Required action
What you return must be the data below, word for word, without any images.
*** Opening of Task inputs ***
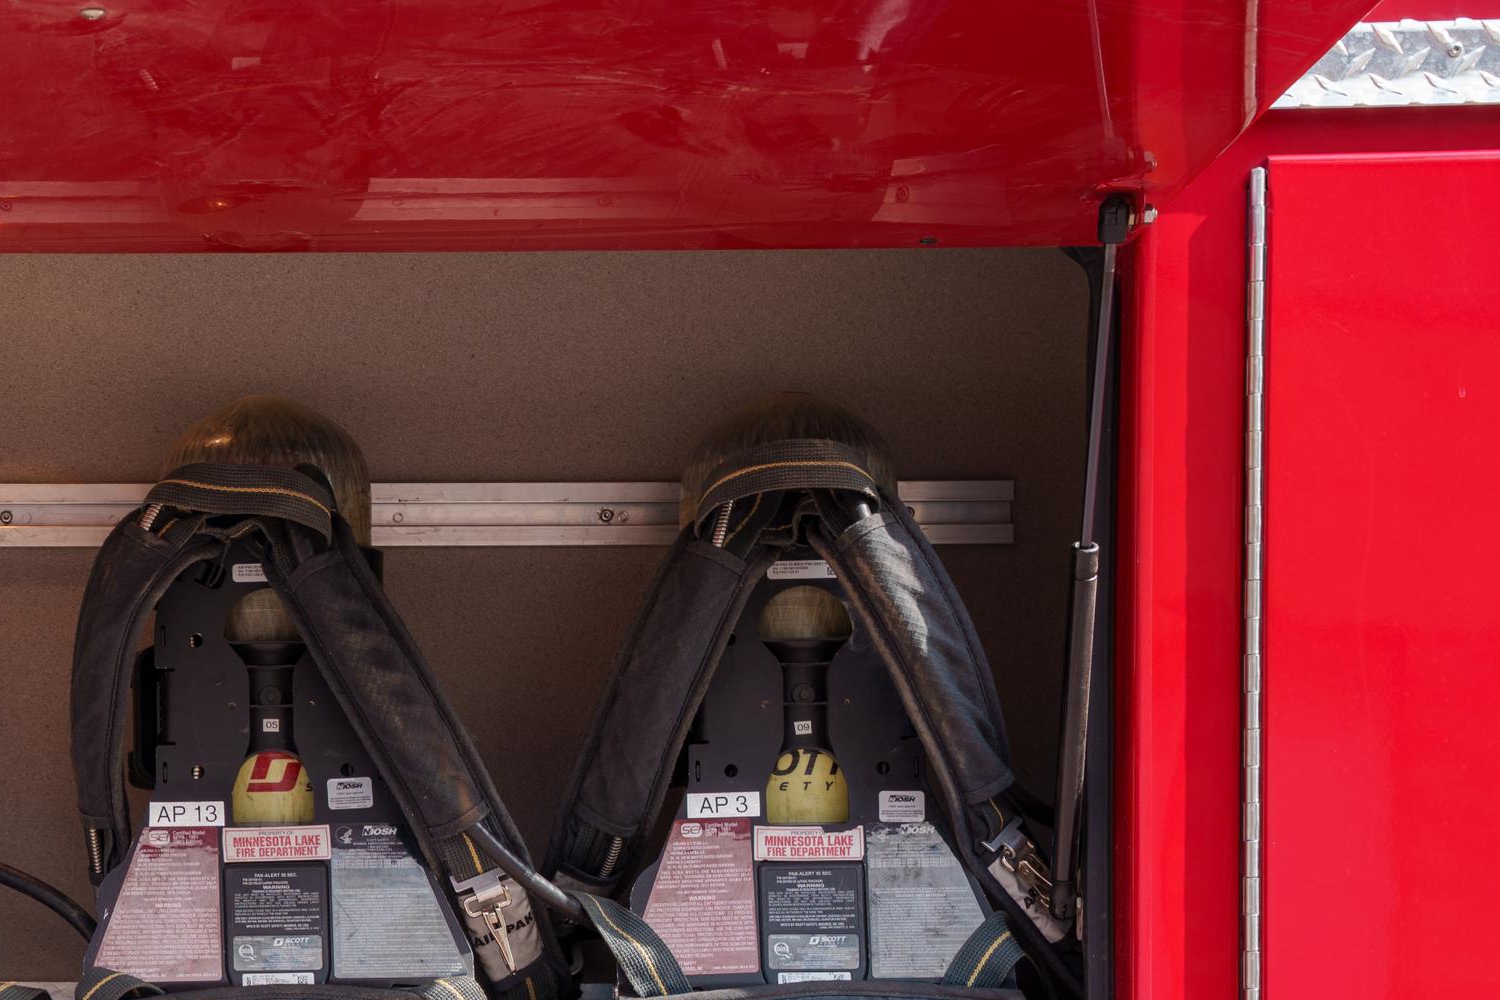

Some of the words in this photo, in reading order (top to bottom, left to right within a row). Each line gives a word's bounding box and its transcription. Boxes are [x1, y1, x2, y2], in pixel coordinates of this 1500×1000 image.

[700, 796, 728, 813] AP
[736, 795, 748, 813] 3
[157, 806, 186, 822] AP
[195, 805, 217, 822] 13
[362, 825, 397, 836] NIOSH
[233, 836, 292, 847] MINNESOTA
[295, 834, 320, 845] LAKE
[764, 835, 824, 846] MINNESOTA
[828, 835, 854, 846] LAKE
[236, 847, 256, 857] FIRE
[259, 846, 319, 857] DEPARTMENT
[767, 847, 787, 856] FIRE
[790, 846, 852, 856] DEPARTMENT
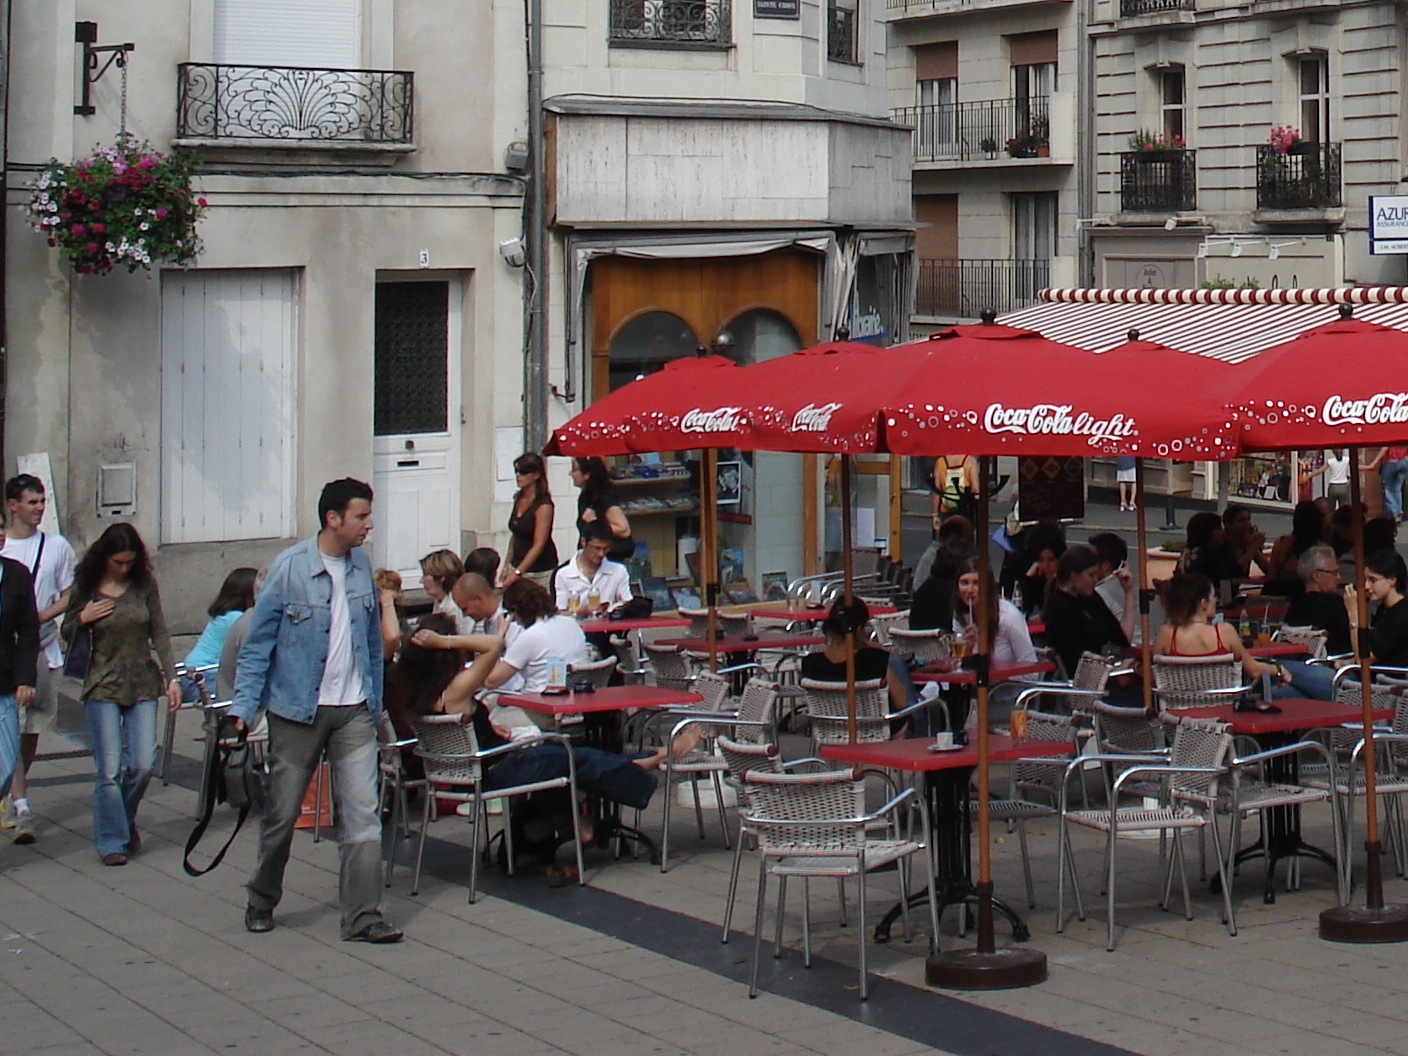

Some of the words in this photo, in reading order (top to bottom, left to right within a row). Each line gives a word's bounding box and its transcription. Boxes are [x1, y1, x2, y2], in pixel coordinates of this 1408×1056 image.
*** Close of Task inputs ***
Task solution
Some of the words in this photo, in reading order (top to bottom, left to right within a row). Each line gives a word's bounding box and its transcription. Boxes are [x1, y1, x2, y2], in pixel coordinates of this 1500×1000 image.

[700, 796, 728, 813] AP
[736, 795, 748, 813] 3
[157, 806, 186, 822] AP
[195, 805, 217, 822] 13
[362, 825, 397, 836] NIOSH
[233, 836, 292, 847] MINNESOTA
[295, 834, 320, 845] LAKE
[764, 835, 824, 846] MINNESOTA
[828, 835, 854, 846] LAKE
[236, 847, 256, 857] FIRE
[259, 846, 319, 857] DEPARTMENT
[767, 847, 787, 856] FIRE
[790, 846, 852, 856] DEPARTMENT

Some of the words in this photo, in reading order (top to bottom, left to right within a row). Each line gives a word's bounding box and its transcription. Boxes are [x1, y1, x2, y2], in pixel coordinates of this 1408×1056 image.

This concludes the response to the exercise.